Racket on the Petals
Nectarivorous creatures get their fill and buzz off
uncaringly; the slant of hours encroaches.
A shrub rose drunk on apricot, believing it is divine,
suffers unyielding passionate arrivals and yearns
to be confined, to shorten the sting of life, away from here.
So, the flower alone meets creatures in habit and habitat,
burdened by its scent, its silhouette all season
petaling and unpetaling, swarms of butterflies
doing as they please; no disaster, but what a racket
on the petals, bee-loud wings and hummingbirds vibrating.
How quickly we glissade past biographies—
the double-bloom chalice rose or a prickly wild one on the trail—
comforted by the glut of nectar pollinators drag out,
by a rose fulfilling its design: to be wedded, to exchange vows
without argument and without seeing.
The gardener climbs a ladder, wiring floodlights
in to snip the darkness off and save us.
We think we are so rich, below hedges
trimmed; we believe in Galileo because we telescope
objects of desire and confirm their centrality.
We have lived here since the fourteenth century.
We are kings of pencil shavings and paper
gaming high designs; we word-build
in Scrabble and weep over apocalypse letters
that won’t weave mechaniv into E or zock in O.

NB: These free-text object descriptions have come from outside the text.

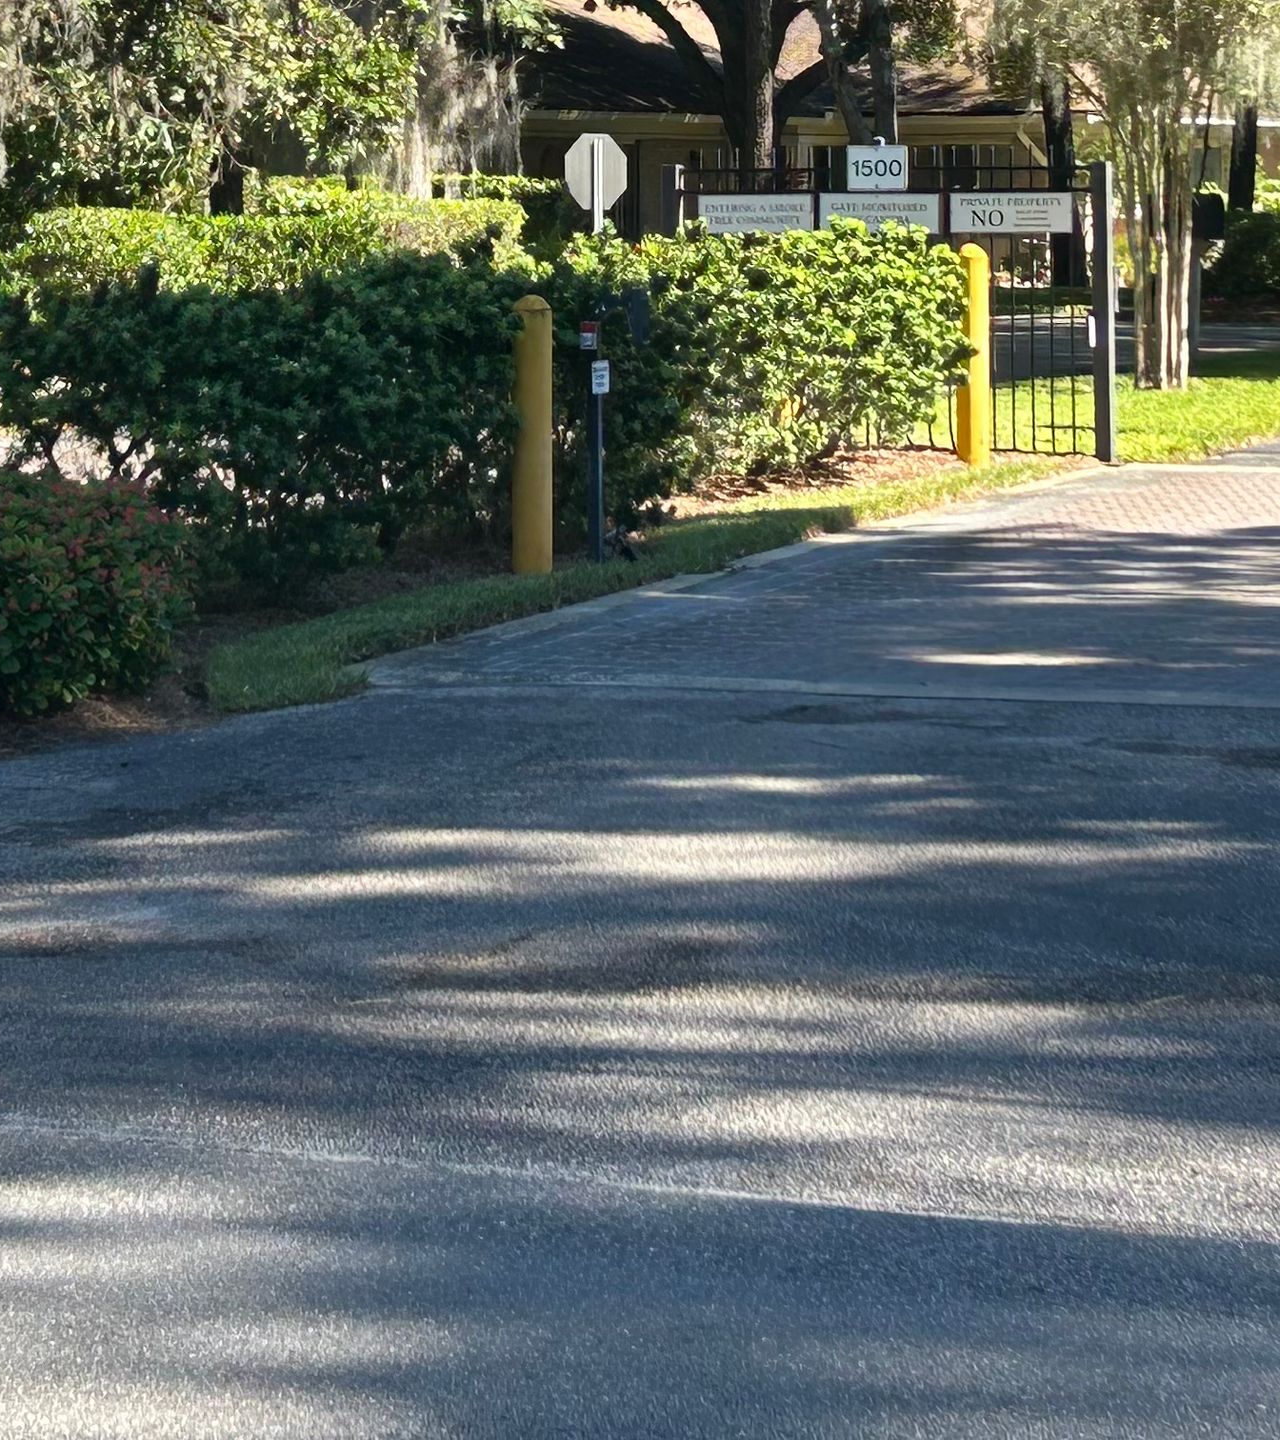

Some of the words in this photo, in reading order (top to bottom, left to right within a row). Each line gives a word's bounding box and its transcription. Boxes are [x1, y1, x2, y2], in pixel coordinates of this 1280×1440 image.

[852, 160, 902, 177] 1500
[960, 197, 1003, 206] PRIVATE
[1007, 197, 1061, 206] PROPERTY
[971, 209, 1004, 227] NO
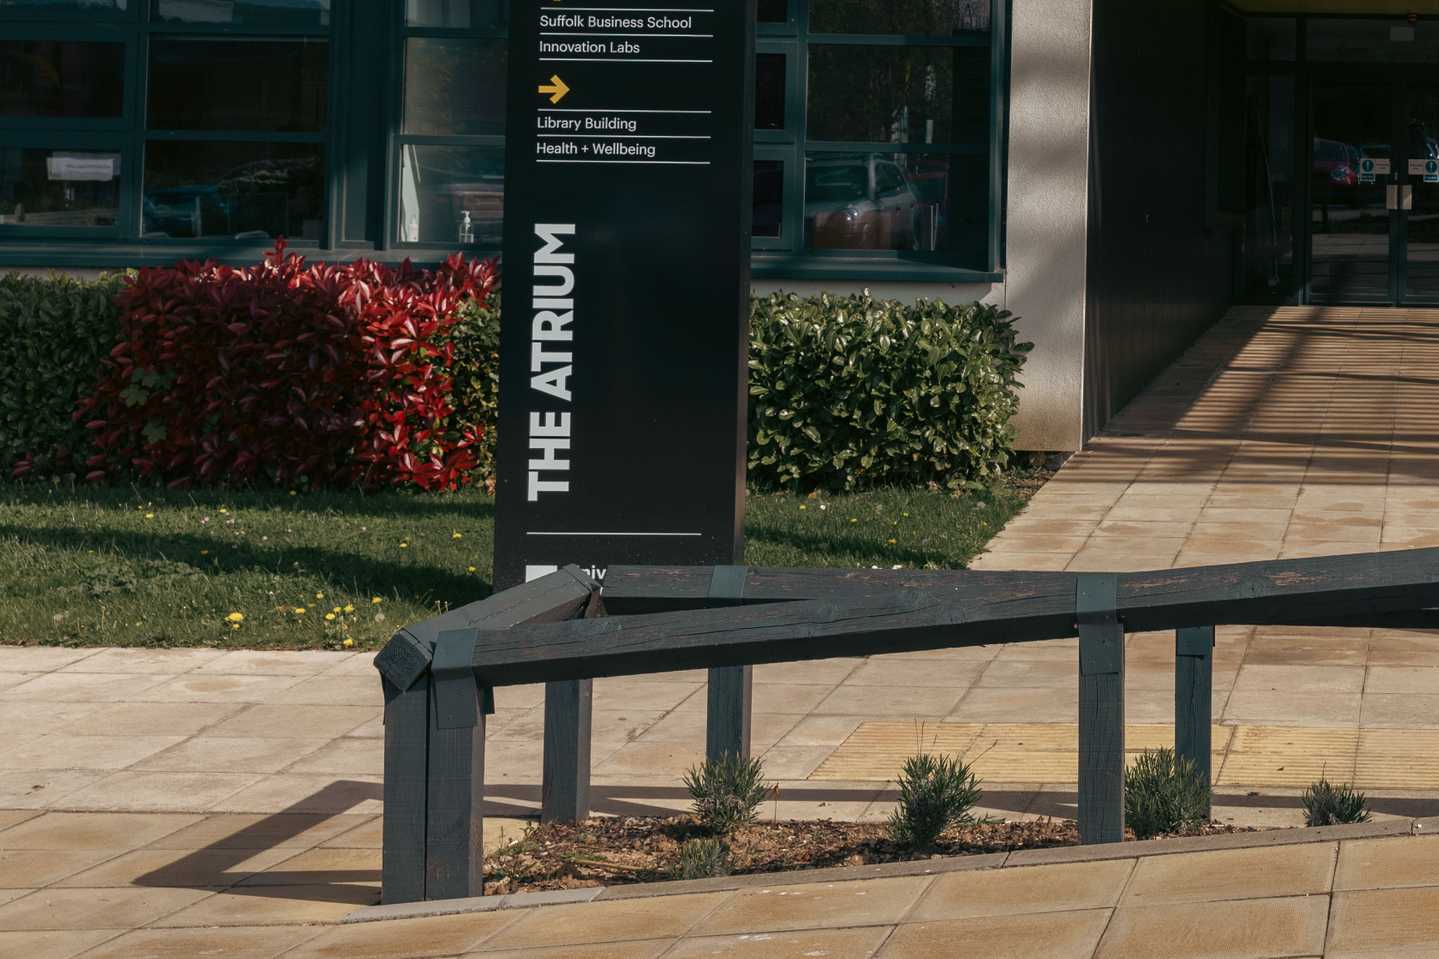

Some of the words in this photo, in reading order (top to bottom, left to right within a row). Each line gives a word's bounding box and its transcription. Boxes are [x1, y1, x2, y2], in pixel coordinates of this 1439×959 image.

[539, 15, 584, 28] Suffolk
[587, 16, 644, 29] Business
[646, 16, 692, 29] School
[539, 41, 606, 54] Innovation
[609, 41, 641, 54] Labs
[537, 116, 582, 132] Library
[584, 117, 637, 132] Building
[536, 142, 578, 155] Health
[592, 142, 656, 157] Wellbeing
[530, 223, 576, 402] ATRIUM
[527, 411, 572, 502] THE

The floodlights swallow all the stars
we loved so much, but made within its shimmer
spotlights of our faces, dissolving behind us
with words and shapes we made at our tables,
knowledge in hand, believing we are so rich.
Vanishing Point Canto
Feeling the imprint of long-
angled light, I troubadour along,
apprehending rich love
in the labor of contemplation
unusually felt, and fall into its tempo;
splendor of nowhere and the beat.
Felicity is the poorest view.
Largesse these lofty years!
The undertaking of the soul—
walkabout ideas ensembling—
to shed all matter, cut my clothes,
be the fullness of what I do not know.
Wondering if the soundings are true
I send out four hymns
to find out what the thinking mind
says life is supposed to be about.
Contemplation is not the project!
Mystery is the echo but not the object.
Face on wrong, eyes out-of-socket,
I speak to souls that hear me think,
seeking fantasia and the if—
savage I live, savage is my exit
drumbeating; paradise is not an easy
place to be; paradise is No Place in me.
“No place” is the Empyrean in Dante’s Paradiso canto 22; the phrase is a pun on exiting humankind and entering Paradise, which is beyond space and time. “I send out four hymns” references Transtromer’s “An Artist in the North,” about the composer Edvard Grieg.
Freddie Mercury in Paradiso
“I sometimes wish I’d never been born at all!” Freddie struts across the stage in beautiful harmonies of himself. Hearing Bohemian Rhapsody again, I wonder what it means to be an outsider in the one-act of yourself. “Don’t get manipulated by your public,” Freddie said. “You build up a sound, and that’s all they want.” If ballad, bawdy energy are what harmony requires on stage, you’d better prance and sing, or do it gospel, and find your weirdest screaming heart— each night is beautiful, each moment full of love. By now he’s finding harmonies unheard of, rearranging his stomping, explosive art in paradisiacal contours, in service to the giant heliotropic stage of all pleasure, and all grace, playing another encore to angel’s applause, crooning “I sometimes wish I’d never been born at all!”